Lockup death in 2011 was just the start of TPD’s issues
Numerous city lawsuits have piqued personal interest through several decades as reporter and columnist.
Yet, one underscores an accountability issue regarding law enforcement. One in particular showcases problems with protections for police who sidestep their duties and violate public trust.
In December 2011, Kenneth Howard, 55, died while in Trenton police lockup after one police officer and two police aides failed to make regular 30-minute checks on their prisoner.
Nobody looked in on Howard for seven hours and the prisoner with a bad liver which required medication, died.
The Mercer County medical examiner ruled Howard died of chronic liver failure due to cirrhosis of the liver.
Trenton Police Officer Joseph
Schiaretti and two aides, Jose Millan and Richard Reyes, were charged with tampering with public records to make it appear they had performed regular inspections on Howard although accusations surfaced they had watched National Football League games.
Essentially, charges identified the three police employees as people willing to lie and tamper with evidence in order to save their own skin. Charges were dropped when Howard’s family settled a wrongful death lawsuit instead of dragging the matter out for years.
Howard had been arrested on warrants in 2011 and the city played a typical wait you out game and war of emotional attrition until Howard’s family succumbed in August 2016.
While city officials said a $690,000 settlement represented no admission of guilt, Robin Lord, a Howard family attorney, pulled no punches.
“While giving the Howard family nearly three-quarters of a million dollars, the city did not admit any wrongdoing,” said Lord.

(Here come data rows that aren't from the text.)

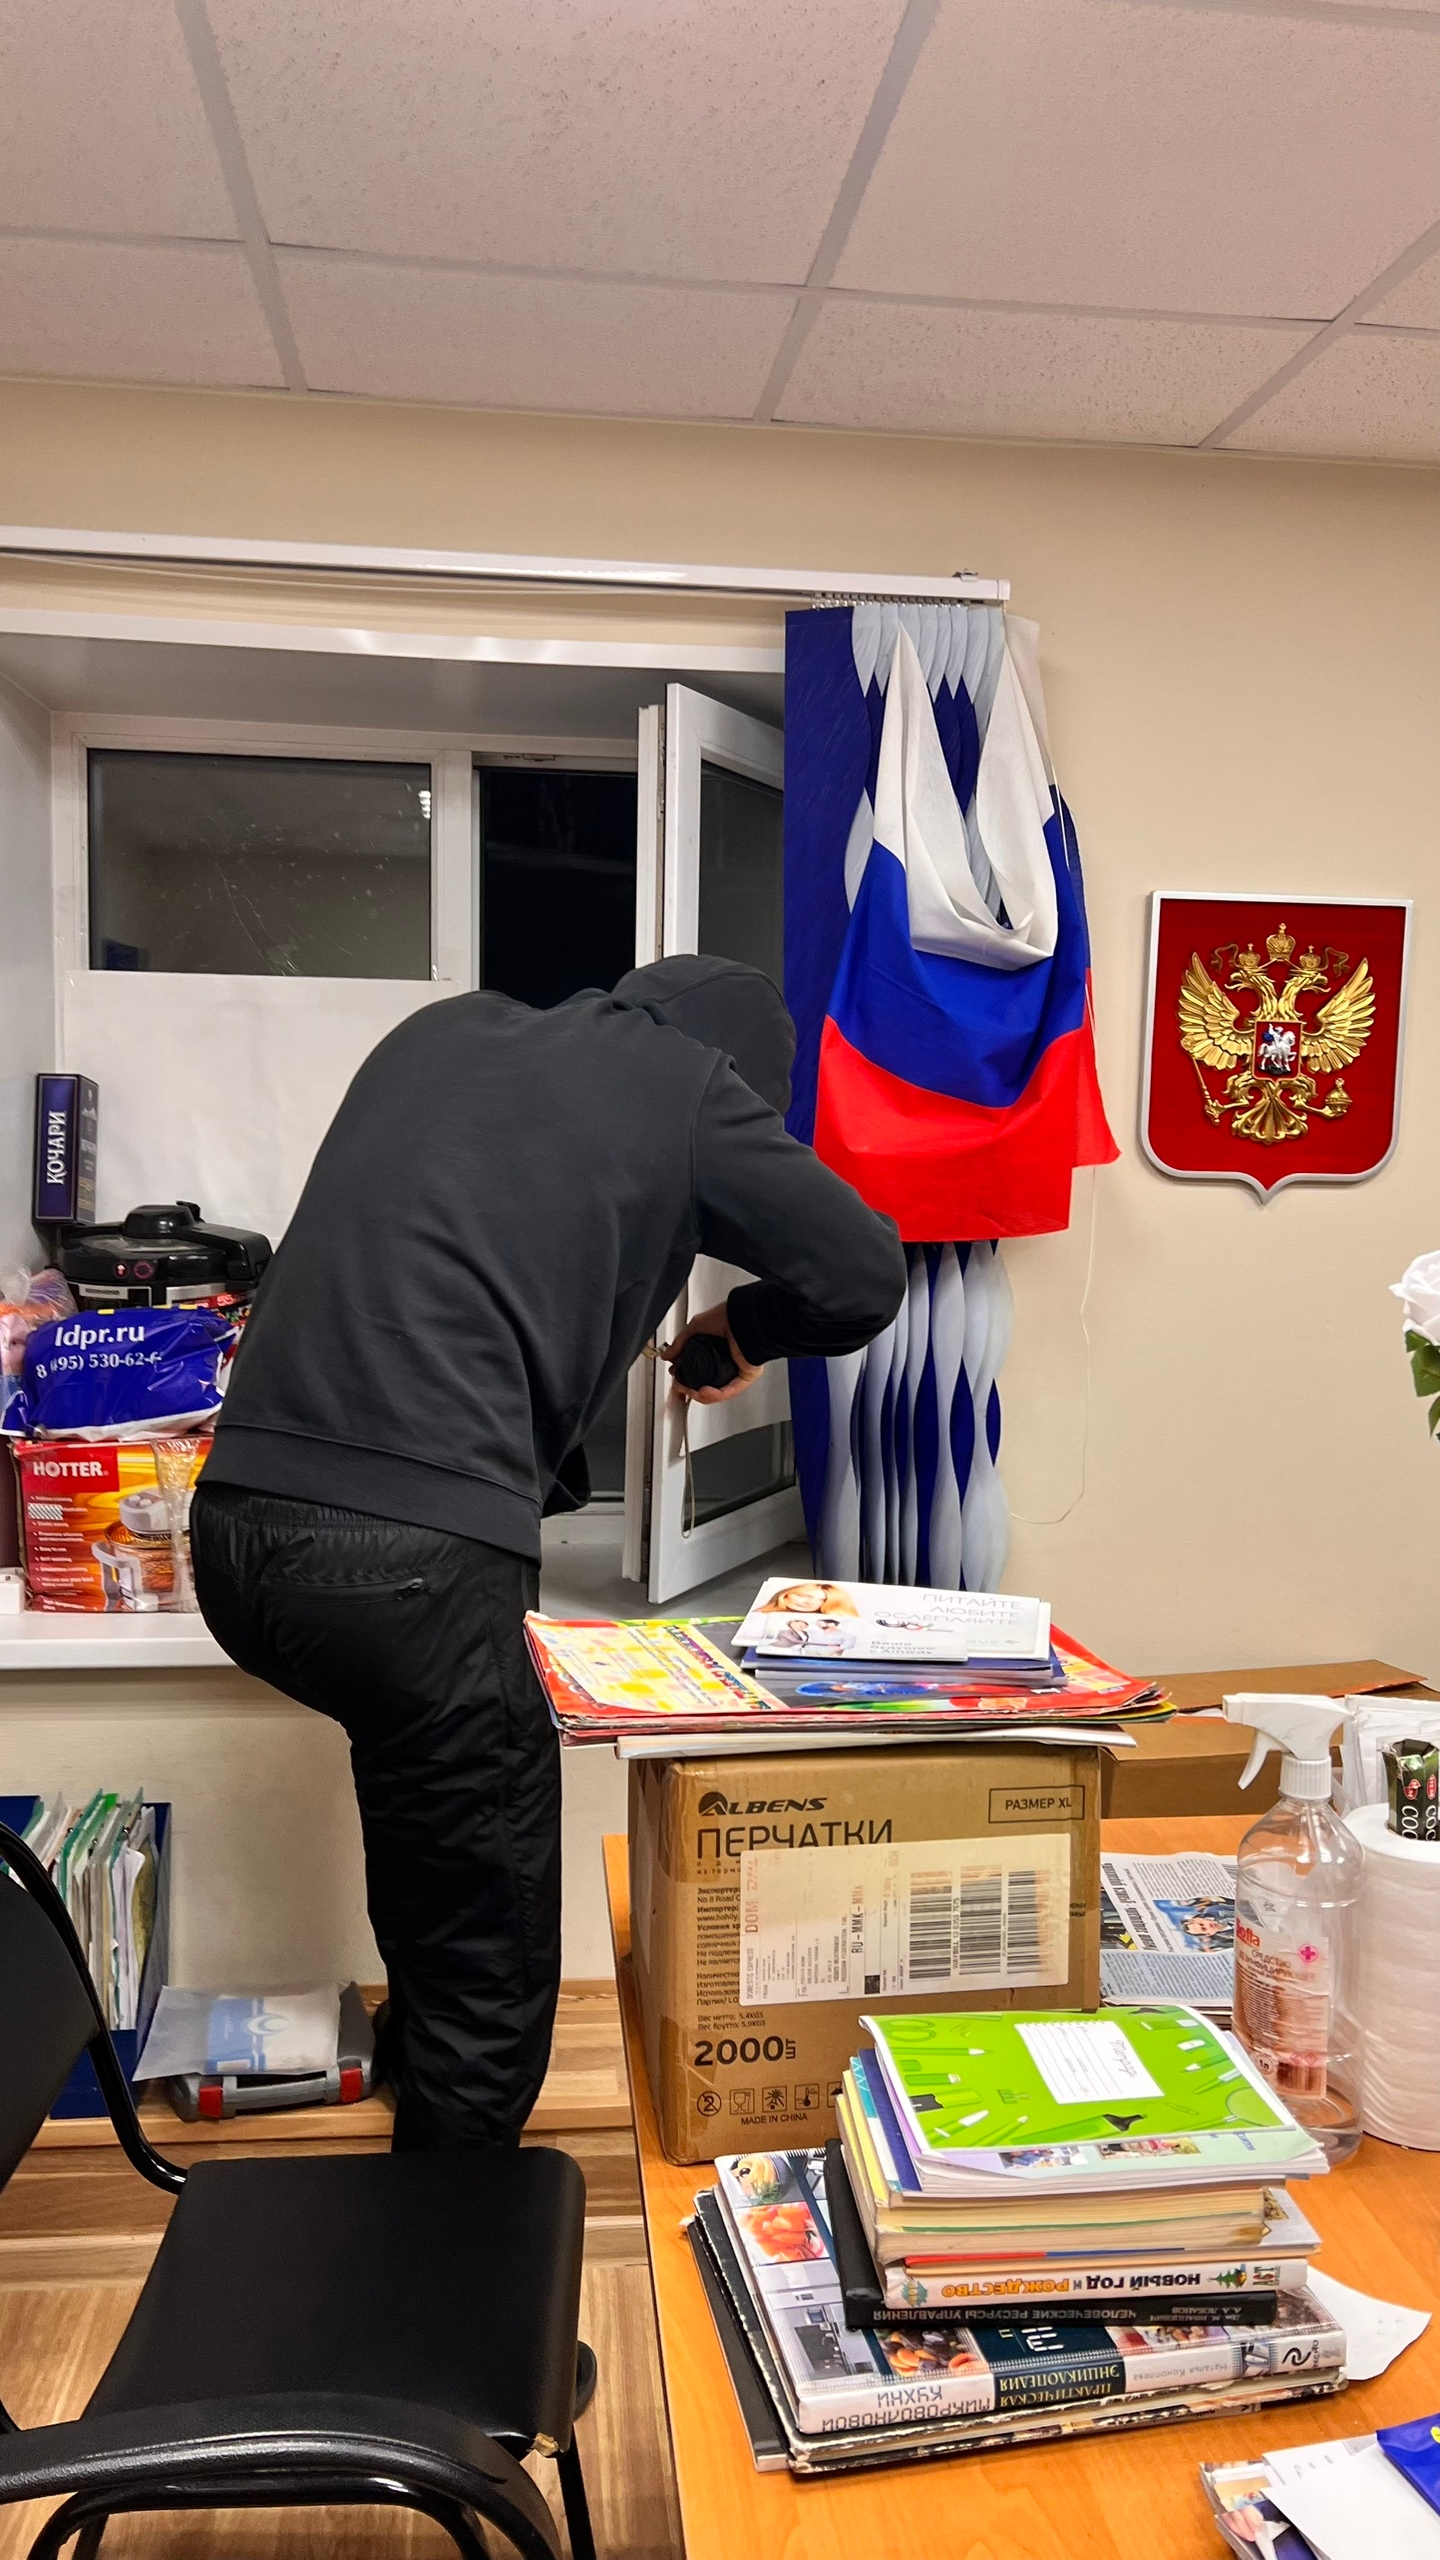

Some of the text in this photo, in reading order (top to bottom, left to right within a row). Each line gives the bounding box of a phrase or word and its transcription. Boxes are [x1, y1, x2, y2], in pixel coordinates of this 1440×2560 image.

[46, 1110, 68, 1185] КОЧАРИ
[54, 1324, 146, 1350] ldpr.ru
[35, 1364, 48, 1379] 8
[32, 1461, 103, 1478] HOTTER
[1005, 1796, 1073, 1811] РАЗМЕР XL
[697, 1818, 893, 1859] ПЕРЧАТКИ
[744, 1901, 759, 1934] DOM
[694, 2035, 784, 2067] 2000
[740, 2112, 809, 2126] MADE IN CHINA
[941, 2277, 1070, 2299] РОЖДЕСТВО
[1085, 2273, 1126, 2293] ГОД
[1129, 2272, 1201, 2293] НОВЫЙ
[873, 2308, 1137, 2322] ЧЕЛОВЕЧЕСКИЕ РЕСУРСЫ УПРАВЛЕНИЯ
[999, 2364, 1120, 2391] ЭНЦИКЛОПЕДИЯ
[1132, 2362, 1228, 2381] Наталья Коноплева
[876, 2385, 943, 2406] КУХНИ
[1000, 2383, 1112, 2407] ПРАКТИЧЕСКАЯ
[821, 2397, 991, 2433] МИКРОВОЛНОВОЙ

“What happened to Mr. Howard was a disgrace. I don’t know how any of the officers can live with themselves, and I don’t know how they’re still employees. I just don’t know how the city of Trenton turned a blind eye to what happened to Mr. Howard. If Mr. Howard was a white surgeon who got picked up for parking tickets, I wonder if the result would have been the same.”
Attorney Cliff Bidlingmaier also represented the family.

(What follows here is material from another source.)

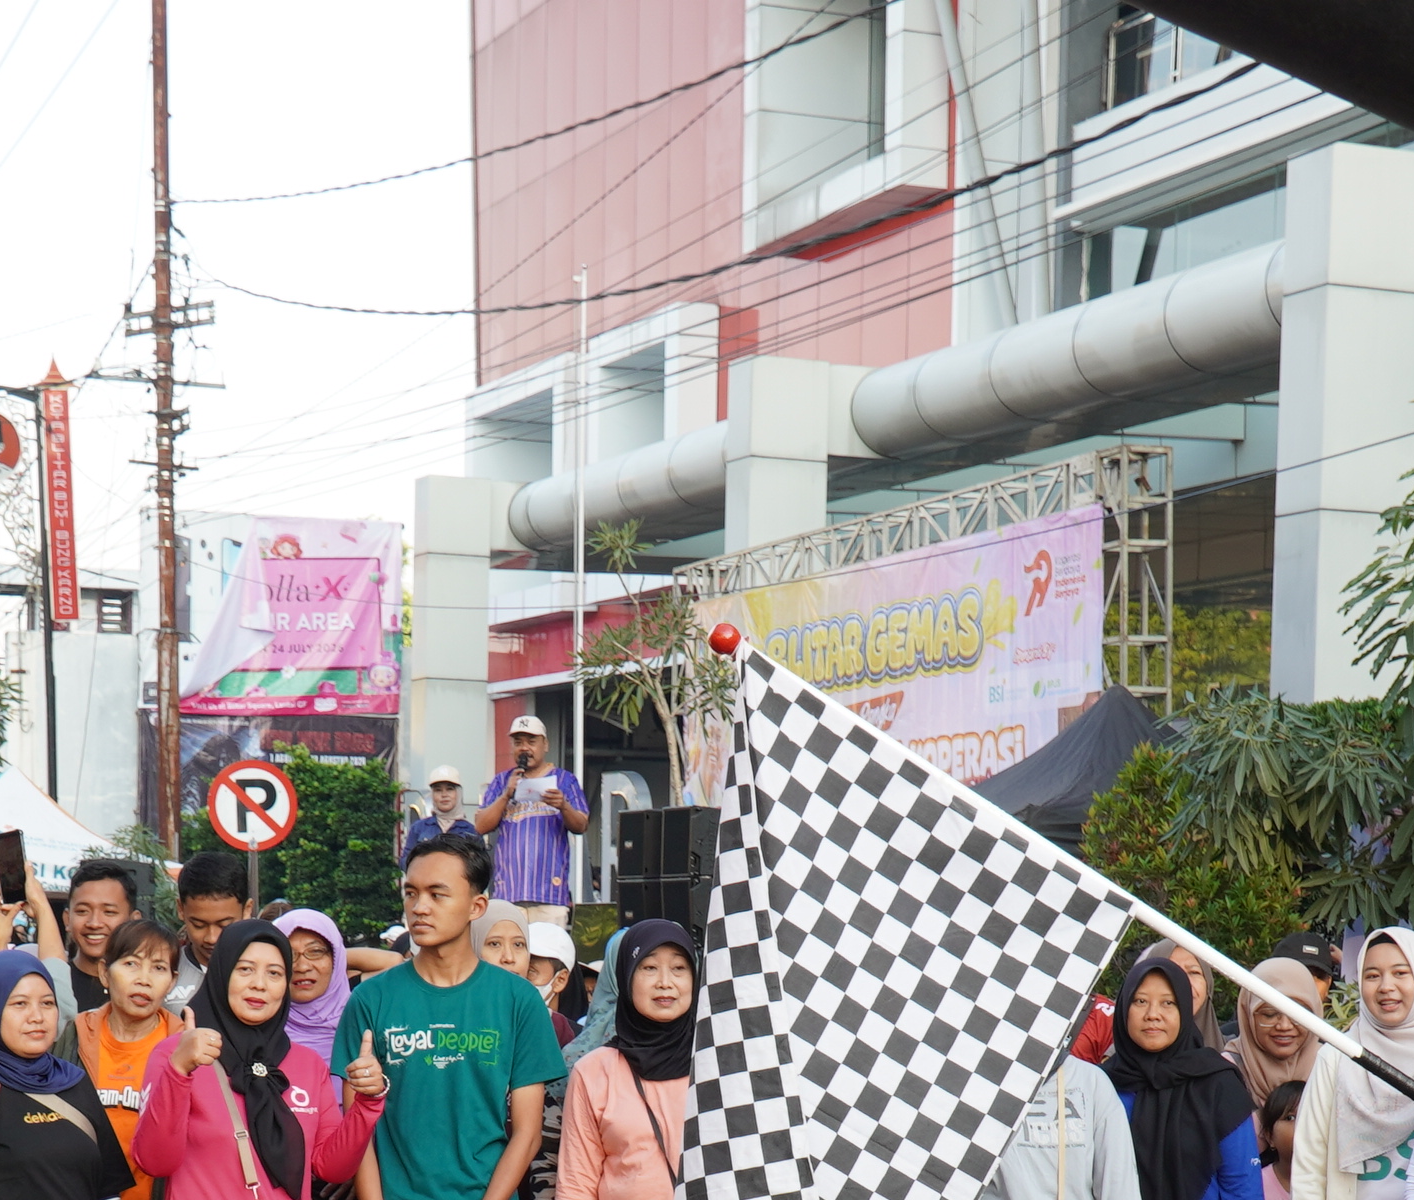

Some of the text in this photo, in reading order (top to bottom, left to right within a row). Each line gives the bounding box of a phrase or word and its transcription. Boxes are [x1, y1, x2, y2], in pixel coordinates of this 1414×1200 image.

If wrong doing had occurred, city officials missed on an opportunity to remove three bad apples based on one pertinent fact that police officers must avoid any perception of dishonesty.
A police officer willing to lie about personal performance, prone to self preservation and deception under the white hot light of scrutiny, potentially morphs toward being a liability depending on his lying ability.
Police officers who lie or falsify evidence should face termination as being trustworthy remains critical to administering justice. Instead, the out-ofcourt agreement lead to the Mercer County Prosecutor dropping charges as Internal Affairs launched an investigation.
By the way, if a bank discovers money missing and suspicions point to a clerk who then lies about where the money went, that employee does not receive a suspension then returns.
The three men were suspended with pay during this act of Internal Affairs subterfuge and many people who have filed a report with that investigative body know the outcome.
Results were shielded from public purview as city
officials alleged the personnel matter demanded privacy. A protective order signed by a Superior Court judge sealed the deal.
South Ward Councilman George Muschal, a retired 40-year police veteran fumed as the city paid up to have Lord shut up as the attorney said she had expert witnesses queued to testify police employees showed negligence and violated department policy on safeguarding prisoners
with medical issues.
“We can’t just keep paying money out day in and day out. If you’re gonna pay out (large sums of money) in lawsuits, somewhere along the line something went wrong,” Muschal told The Trentonian.
“I’m not a policeman anymore, but I’ve always said from Day 1 that if you create a lawsuit with total neglect on your part, you have to be accountable,” he said. “Taxpayers can’t
be held accountable for your mistakes.”
Lord had accumulated other issues with the Howard arrest as she contended police were guilty of false arrest and imprisonment.
“We worked steadfast for years to demonstrate the horrific civil rights violations committed by the Trenton Police Department upon Kenneth Howard,” Lord said in a report.
One case involved myriad issues being considered
for police reform — accountability, transparency, public review boards, Internal Affairs ability to investigate fairly and the right of public access to performance records of police officers who receive major disciplinary actions or terminations.